Alwihda Info | Par - 9 Juillet 2011


Dans la capitale libyenne, la vie quotidienne suit son cours, bien que la nervosité monte sensiblement. Par notre envoyé spécial, Christophe Boltanski.


Est-ce que Tripoli se sent menacée par l'avancée des rebelles ?
 - Les rebelles sont dans les montagnes, encore loin de Tripoli. Ils ont annoncé avoir pris la ville de Goualich il y a deux jours, qui est encore au moins à 60 km de la capitale. Ils visent deux objectifs. Le premier, c'est de prendre Bir Al-Ghanam, en bas de la montagne, donc pratiquement dans la plaine. Située à 50 km de Tripoli, soit à portée d'obus, cette ville commande la route vers Zaouia. C'est par là que Tripoli s'approvisionne depuis la Tunisie. C'est aussi là que se trouve la grande raffinerie qui permet d'alimenter en essence la région. Le but est donc d'asphyxier Tripoli. Dans la même logique, le deuxième objectif des rebelles consiste à prendre la ville de Gharyane, un peu plus au sud, qui commande la route de Sabha, autre lieu important d'approvisionnement, cette fois en provenance d'Algérie. Si ces deux verrous sautent, le régime se trouvera dans une situation très difficile.
Sent-on la nervosité monter dans la capitale ?

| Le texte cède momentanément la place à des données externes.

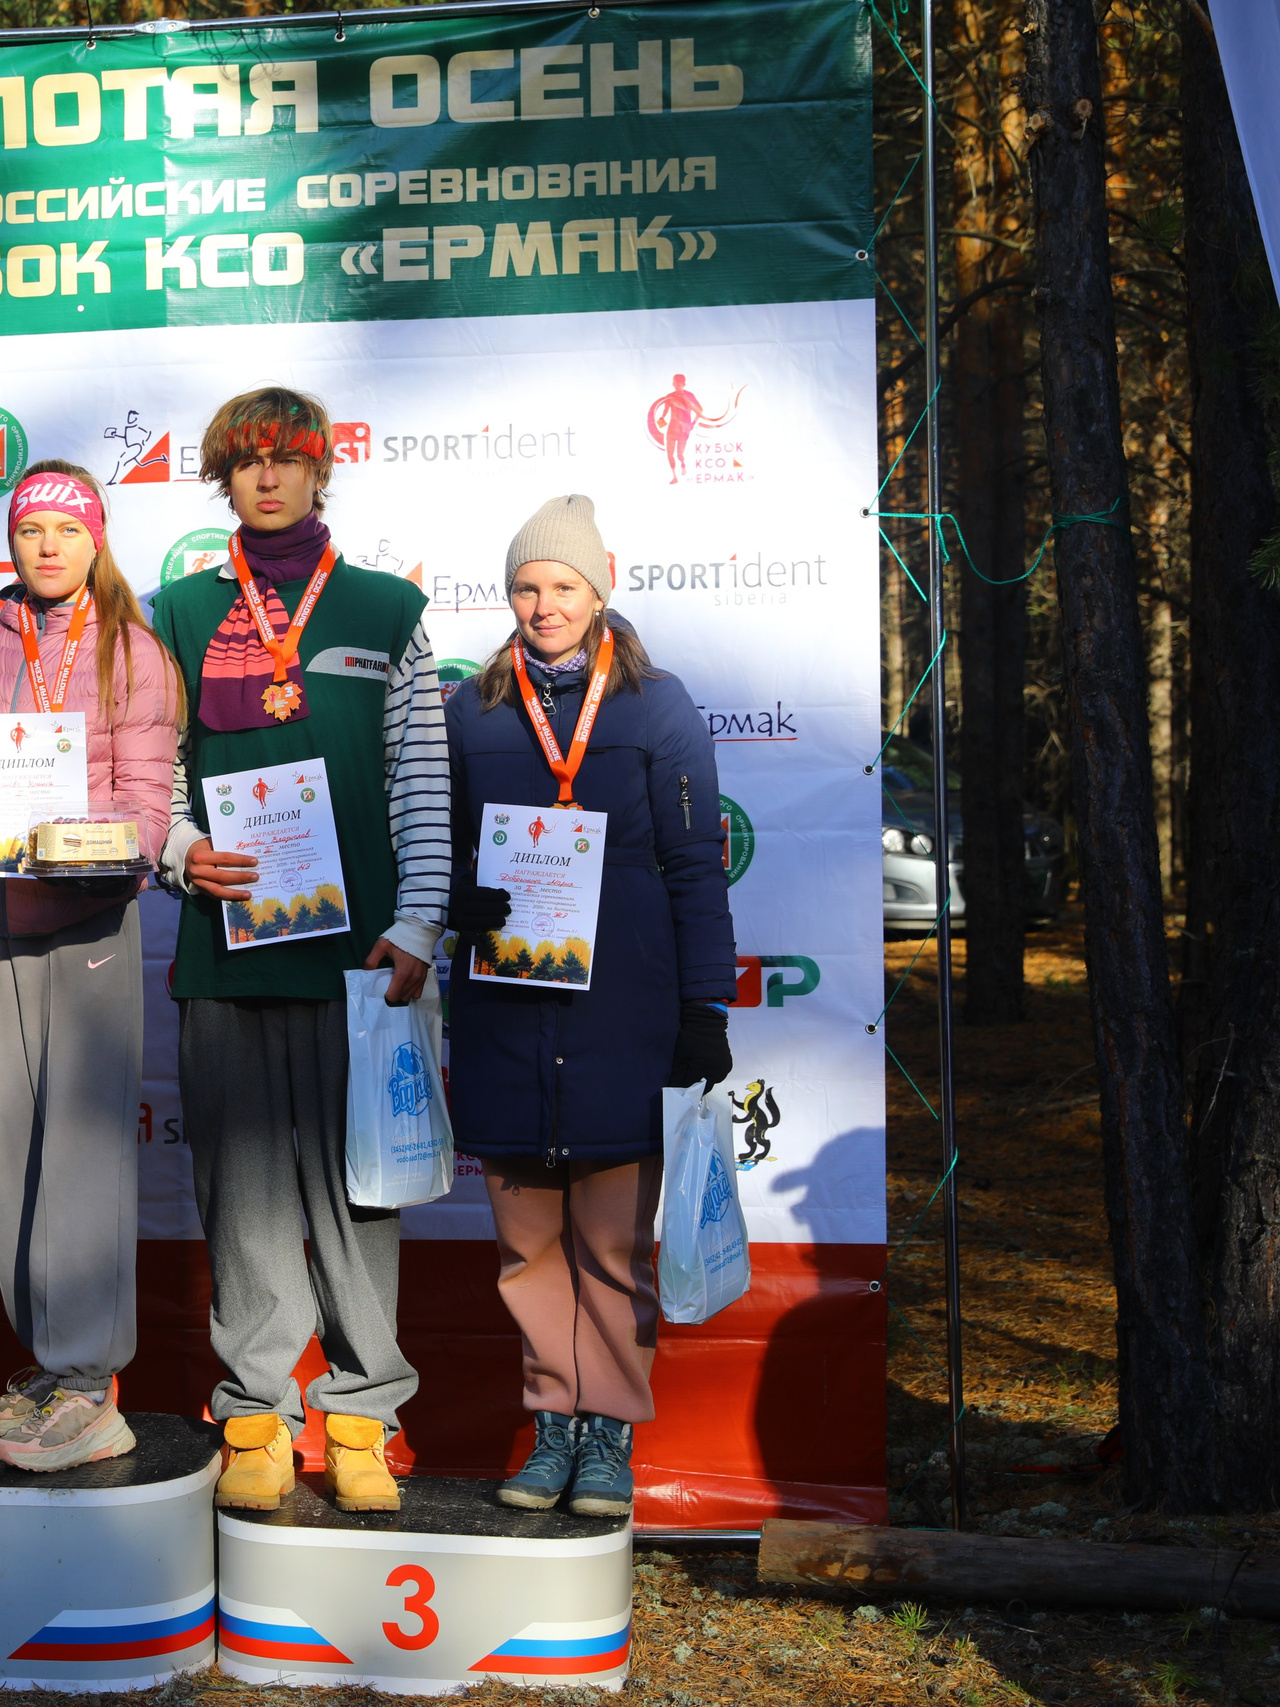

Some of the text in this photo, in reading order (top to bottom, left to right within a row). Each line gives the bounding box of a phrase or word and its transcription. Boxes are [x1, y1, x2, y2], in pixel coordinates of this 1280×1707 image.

[369, 37, 744, 129] ОСЕНЬ
[296, 155, 717, 210] СОРЕВНОВАНИЯ
[144, 231, 305, 291] КСО
[340, 215, 717, 282] «ЕРМАК»
[695, 442, 744, 454] КУБОК
[695, 457, 726, 469] КСО
[165, 541, 189, 581] ФЕДЕРАЦИЯ
[628, 551, 828, 593] SPORTident
[249, 580, 275, 641] ЗОЛОТАЯ ОСЕНЬ
[297, 571, 328, 627] ЗОЛОТАЯ ОСЕНЬ
[713, 590, 787, 607] siberia
[33, 658, 44, 684] ОСЕНЬ
[56, 640, 78, 704] ЗОЛОТАЯ ОСЕНЬ
[284, 686, 294, 698] 3
[580, 673, 606, 742] ЗОЛОТАЯ ОСЕНЬ
[531, 696, 562, 762] ЗОЛОТАЯ ОСЕНЬ
[697, 701, 797, 738] рмак
[243, 809, 302, 830] ДИПЛОМ
[250, 826, 300, 839] НАГРАЖДАЕТСЯ
[509, 852, 572, 867] ДИПЛОМ
[728, 814, 750, 879] ОРИЕНТИРОВАНИЯ
[514, 868, 566, 879] НАГРАЖДАЕТСЯ
[381, 1563, 441, 1652] 3

- Il y a comme un frémissement. Depuis quelques jours, on entend de plus en plus de coups de feu. Dans plusieurs quartiers périphériques de la ville réputés pour être des bastions anti-régime, les habitants disent que, la nuit, il y a des tirs. On ne peut pas les confondre avec des tirs de joie, ce qui est monnaie courante ici. Ce sont bien des échanges de tirs entre rebelles et militaires.
 
Comment la guerre marque-t-elle la vie quotidienne à Tripoli ?
- La ville manque d'essence. Au marché noir, le litre d’essence vaut 5 dinars. Pour un plein, il faut sortir entre 100 et 200 dinars. Sachant que le dollar est à 1,70 dinar, cela revient très cher. Résultat, on voit moins de voitures dans les rues qu’en temps normal. Dans l’ensemble, une grande partie de l’activité s’est arrêtée. Par exemple, les juges désertent les tribunaux,  beaucoup de fonctionnaires ne vont plus travailler. La vie tourne au ralenti. Mais à part ça, il y a une apparence de tranquillité. Les boutiques du centre-ville sont, dans leur majorité, ouvertes, bien qu’il y ait peu de clients. Mais lorsque la nuit tombe, on voit les barrages se multiplier. Les habitants s'inquiètent d'une montée de l’insécurité : cambriolages, agressions, etc. C’est un phénomène nouveau à Tripoli, qui est à l’évidence dû au fait que les forces de sécurité ont d’autres préoccupations, en ce moment, que le maintien de l’ordre public.
 
Personne ne cherche à fuir la ville ?
- Les rebelles qui sont dans la montagne racontent qu’ils voient des réfugiés quitter Tripoli. Mais dans la ville elle-même, je n’ai vu personne faire ses bagages avec le projet de fuir.
 
Kadhafi bénéficie-t-il encore vraiment de soutiens ?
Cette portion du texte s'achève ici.